Ti ho cercata in tutti i necrologi segna il ritorno alla regia di Giancarlo Giannini, dopo Ternosecco, datato 1987. Il regista s’ispira a una storia vera per costruire un racconto intrigante sin dal titolo, in una commistione di stili che fanno del lavoro di Giannini, un’opera difficilmente inquadrabile in un unico genere. 
L’evoluzione e il dramma del protagonista non è però costruita su momenti statici o particolari riflessioni, ma attraverso un racconto dinamico, strutturato intorno alle caccie, che permette al film di mantenere una certa tensione per tutto l’arco narrativo. La recitazione è volutamente enfatica, grazie anche al copione ricco di battute curiose e grottesche, e riporta sullo schermo ancora una volta tutto l’istrionismo di Giancarlo Giannini, oltre alla bravura di Silvia De Santis e Murray Abraham, capaci di dare spessore a due personaggi contraddittori come Helena e Braque.

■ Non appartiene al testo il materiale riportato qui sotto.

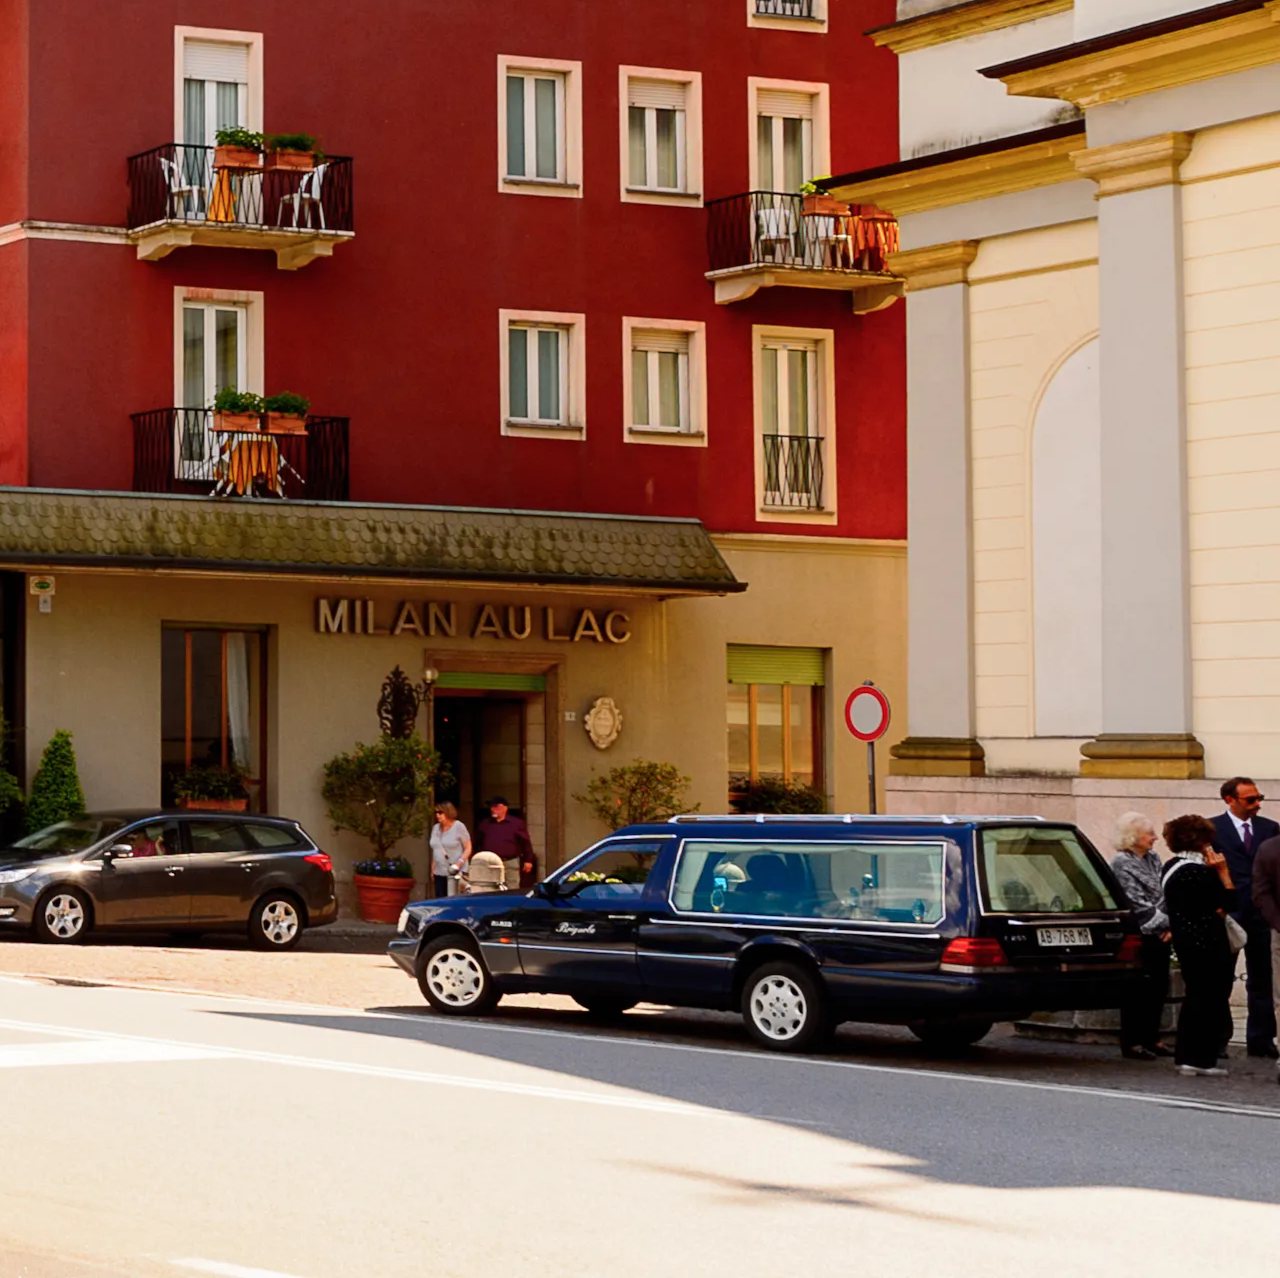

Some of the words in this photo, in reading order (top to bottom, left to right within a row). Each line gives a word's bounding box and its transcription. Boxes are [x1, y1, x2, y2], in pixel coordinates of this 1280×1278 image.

Giannini realizza un film difficile e ambizioso, col coraggio di distaccarsi dalle tipiche produzioni del nostro paese, alla ricerca di una miscela originale di generi e influenze dalla riuscita difficoltosa ma lodevole. Il soggetto è interessante, soprattutto a livello di tematiche, e riesce a mantenere la tensione dello spettatore sempre vigile. Ti ho cercata in tutti i necrologi pone quesiti di una certa rilevanza, risultando forse pretenzioso, preferendo comunque non dare risposte precise, sicuramente complesse. Come Nikita gioca con la morte, Giannini si diverte a giocare con le sue capacità attoriali e registiche, alla ricerca di qualcosa di diverso, mostrando tutta la sua passione per il cinema e mettendosi alla prova, così come il suo protagonista sfida se stesso prima che la morte.